## [WHAT THE TASK REQUIRES]
Give all of the records again. Match them exactly.

## [Stored data entries]
##############################

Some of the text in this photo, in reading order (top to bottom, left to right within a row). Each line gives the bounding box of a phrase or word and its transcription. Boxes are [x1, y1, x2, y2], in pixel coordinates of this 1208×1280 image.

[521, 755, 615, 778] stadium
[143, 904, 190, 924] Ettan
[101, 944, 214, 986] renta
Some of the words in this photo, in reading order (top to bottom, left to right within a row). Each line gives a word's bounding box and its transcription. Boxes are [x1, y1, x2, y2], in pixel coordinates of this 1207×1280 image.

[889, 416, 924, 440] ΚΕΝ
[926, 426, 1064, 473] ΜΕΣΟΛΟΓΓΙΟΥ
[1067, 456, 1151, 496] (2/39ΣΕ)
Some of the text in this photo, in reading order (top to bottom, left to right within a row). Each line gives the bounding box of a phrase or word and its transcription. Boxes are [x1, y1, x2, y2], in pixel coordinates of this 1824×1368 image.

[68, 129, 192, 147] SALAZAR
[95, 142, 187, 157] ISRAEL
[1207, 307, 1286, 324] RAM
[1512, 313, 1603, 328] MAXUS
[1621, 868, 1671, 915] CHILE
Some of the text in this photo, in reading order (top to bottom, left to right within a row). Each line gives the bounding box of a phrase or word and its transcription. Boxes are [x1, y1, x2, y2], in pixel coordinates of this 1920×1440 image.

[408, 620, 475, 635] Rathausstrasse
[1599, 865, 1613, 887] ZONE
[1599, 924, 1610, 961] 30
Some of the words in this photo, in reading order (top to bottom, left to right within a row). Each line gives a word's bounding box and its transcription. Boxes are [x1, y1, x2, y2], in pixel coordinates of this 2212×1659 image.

##############################

## [SOLUTION]
Some of the text in this photo, in reading order (top to bottom, left to right within a row). Each line gives the bounding box of a phrase or word and its transcription. Boxes are [x1, y1, x2, y2], in pixel coordinates of this 1208×1280 image.

[521, 755, 615, 778] stadium
[143, 904, 190, 924] Ettan
[101, 944, 214, 986] renta
Some of the words in this photo, in reading order (top to bottom, left to right within a row). Each line gives a word's bounding box and its transcription. Boxes are [x1, y1, x2, y2], in pixel coordinates of this 1207×1280 image.

[889, 416, 924, 440] ΚΕΝ
[926, 426, 1064, 473] ΜΕΣΟΛΟΓΓΙΟΥ
[1067, 456, 1151, 496] (2/39ΣΕ)
Some of the text in this photo, in reading order (top to bottom, left to right within a row). Each line gives the bounding box of a phrase or word and its transcription. Boxes are [x1, y1, x2, y2], in pixel coordinates of this 1824×1368 image.

[68, 129, 192, 147] SALAZAR
[95, 142, 187, 157] ISRAEL
[1207, 307, 1286, 324] RAM
[1512, 313, 1603, 328] MAXUS
[1621, 868, 1671, 915] CHILE
Some of the text in this photo, in reading order (top to bottom, left to right within a row). Each line gives the bounding box of a phrase or word and its transcription. Boxes are [x1, y1, x2, y2], in pixel coordinates of this 1920×1440 image.

[408, 620, 475, 635] Rathausstrasse
[1599, 865, 1613, 887] ZONE
[1599, 924, 1610, 961] 30
Some of the words in this photo, in reading order (top to bottom, left to right within a row). Each line gives a word's bounding box and its transcription. Boxes are [x1, y1, x2, y2], in pixel coordinates of this 2212×1659 image.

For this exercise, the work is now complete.